§ WORK REQUIRED
Set down the entries exactly as they appear, apart from the images, which stay out.

§ RECORDS FOR PROCESSING
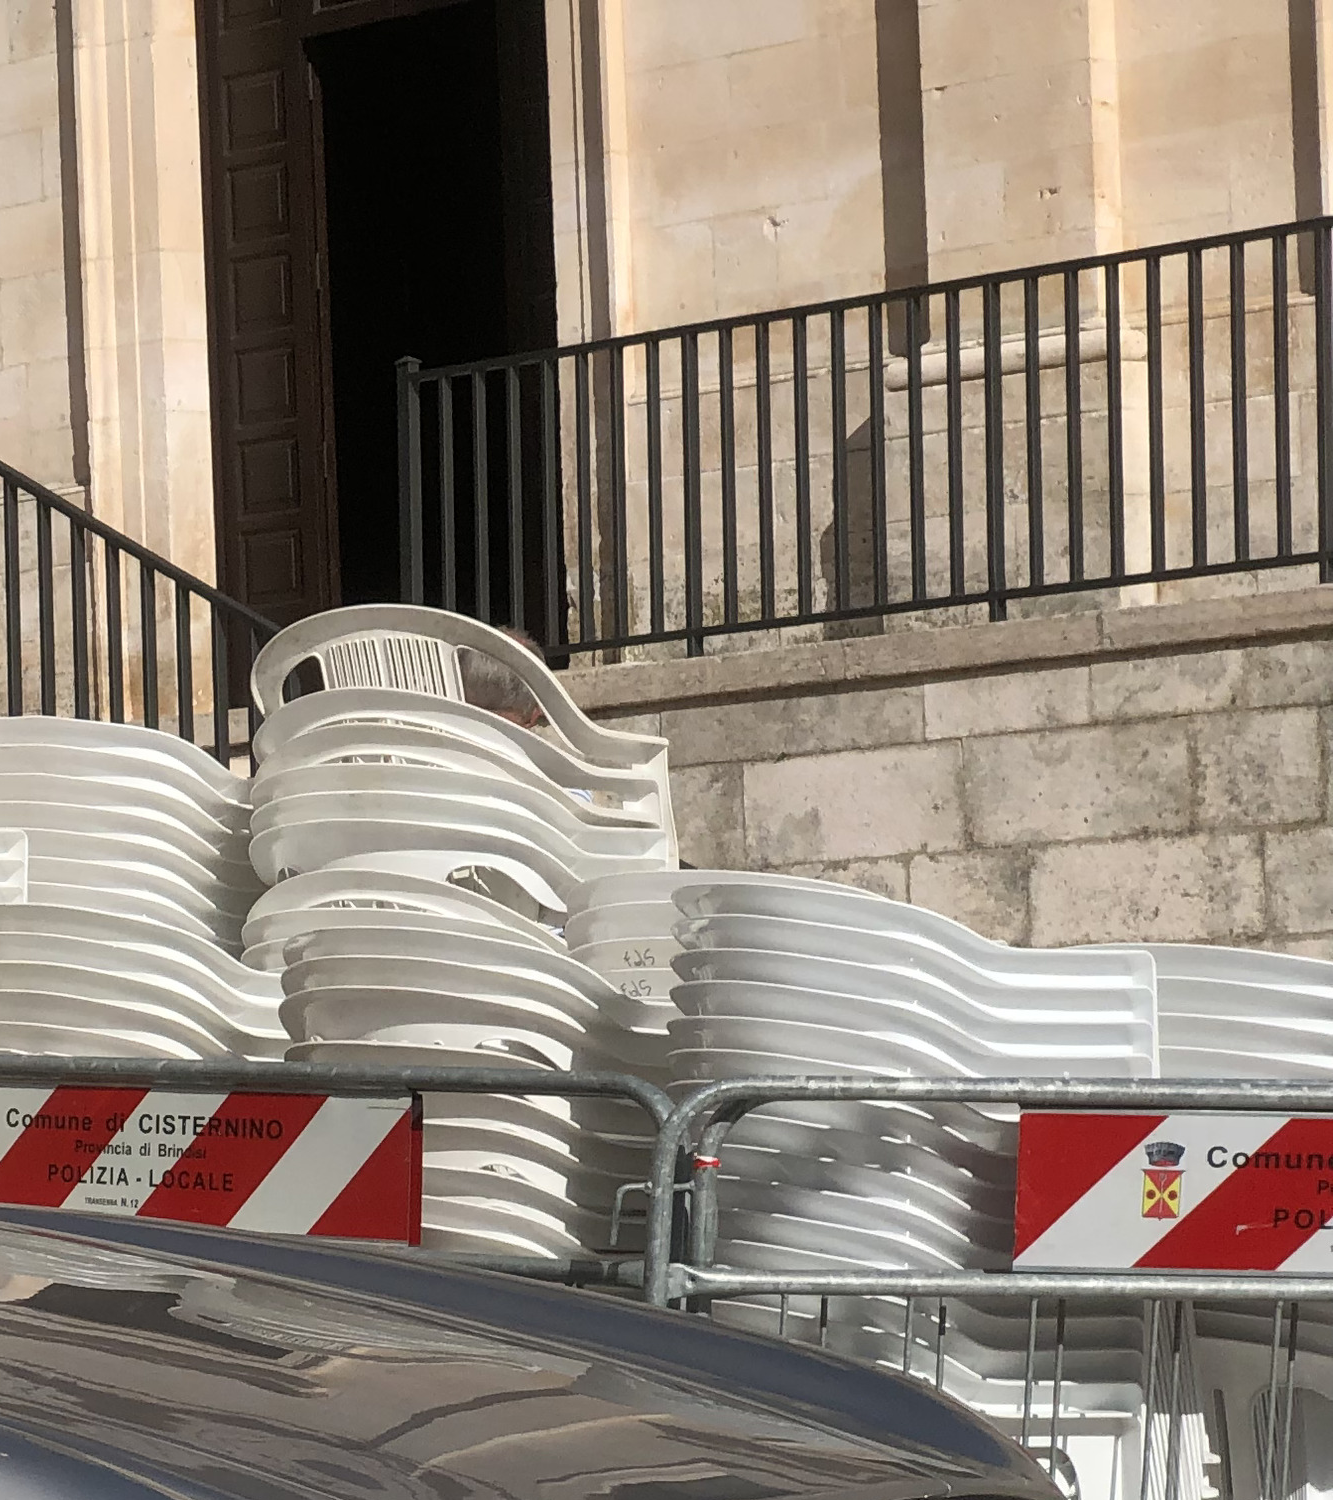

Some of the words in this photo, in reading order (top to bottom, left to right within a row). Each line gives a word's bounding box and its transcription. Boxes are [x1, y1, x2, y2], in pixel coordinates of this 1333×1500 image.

[6, 1107, 92, 1132] Comune
[106, 1112, 126, 1133] di
[138, 1113, 284, 1140] CISTERNINO
[74, 1139, 133, 1156] Provincia
[139, 1142, 151, 1157] di
[158, 1143, 207, 1160] Brindisi
[47, 1164, 130, 1187] POLIZIA
[149, 1168, 235, 1193] LOCALE
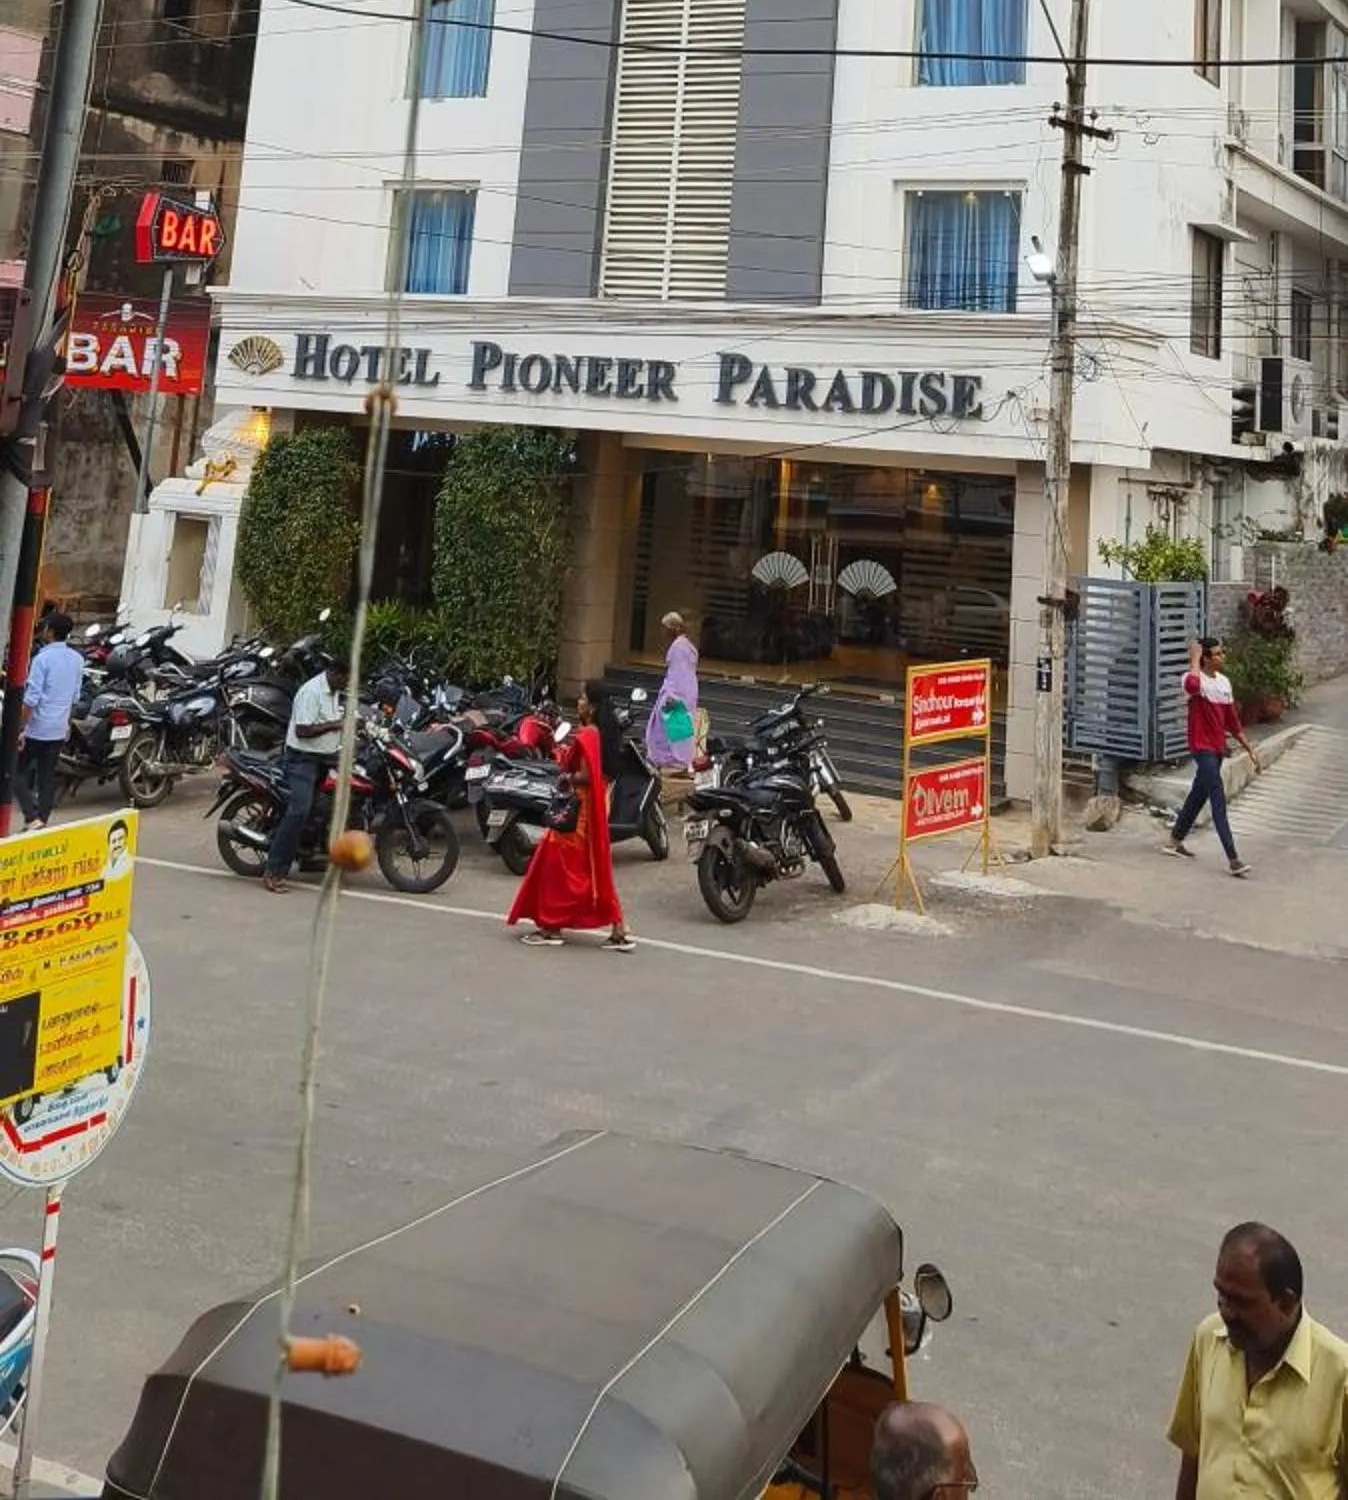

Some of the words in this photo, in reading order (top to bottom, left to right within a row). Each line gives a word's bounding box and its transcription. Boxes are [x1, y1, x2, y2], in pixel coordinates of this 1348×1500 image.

[162, 211, 217, 255] BAR
[66, 332, 181, 378] BAR
[290, 333, 440, 387] HOTEL
[467, 340, 681, 401] PIONEER
[712, 351, 983, 421] PARADISE
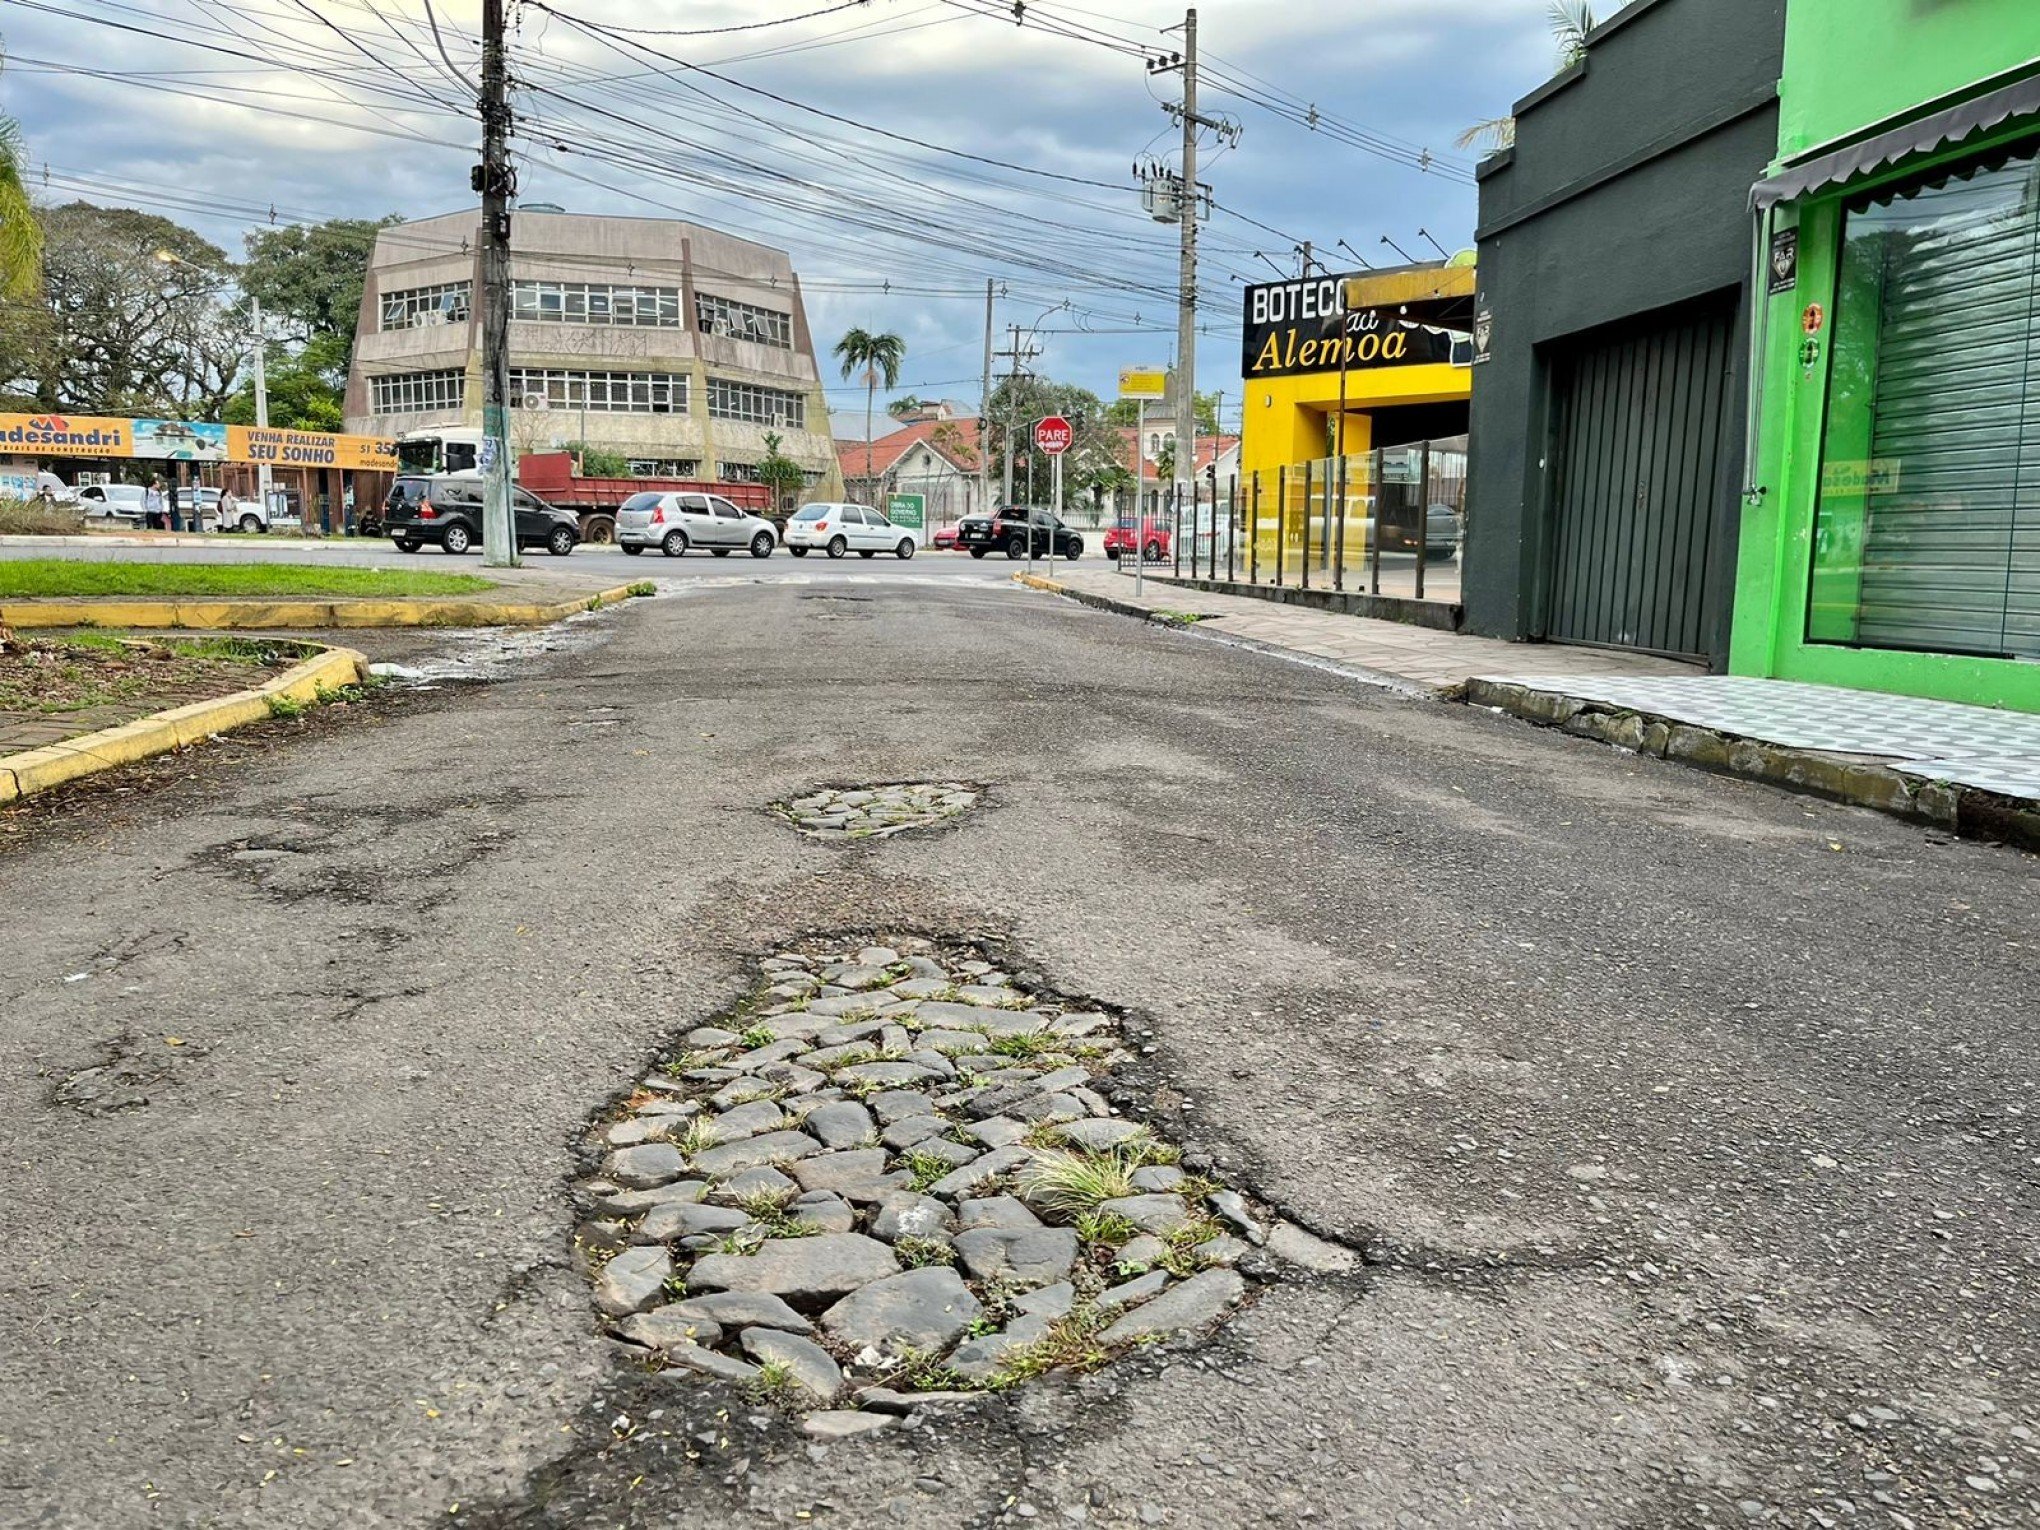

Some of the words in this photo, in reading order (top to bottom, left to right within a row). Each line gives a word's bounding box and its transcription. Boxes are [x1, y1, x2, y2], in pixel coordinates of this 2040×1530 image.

§ PROBLEM SOLUTION
Some of the words in this photo, in reading order (top to bottom, left to right within a row). Each line gives a word's bounding box and its transcription. Boxes are [x1, y1, x2, y2], in pixel coordinates of this 1333×1500 image.

[6, 1107, 92, 1132] Comune
[106, 1112, 126, 1133] di
[138, 1113, 284, 1140] CISTERNINO
[74, 1139, 133, 1156] Provincia
[139, 1142, 151, 1157] di
[158, 1143, 207, 1160] Brindisi
[47, 1164, 130, 1187] POLIZIA
[149, 1168, 235, 1193] LOCALE

Some of the words in this photo, in reading order (top to bottom, left to right within a row). Each line gives a word's bounding box and its transcription. Boxes are [x1, y1, x2, y2], in pixel coordinates of this 1348×1500 image.

[162, 211, 217, 255] BAR
[66, 332, 181, 378] BAR
[290, 333, 440, 387] HOTEL
[467, 340, 681, 401] PIONEER
[712, 351, 983, 421] PARADISE

Some of the words in this photo, in reading order (top to bottom, left to right within a row). Each line gives a word's bounding box and its transcription. Boxes are [x1, y1, x2, y2], in pixel coordinates of this 2040×1530 image.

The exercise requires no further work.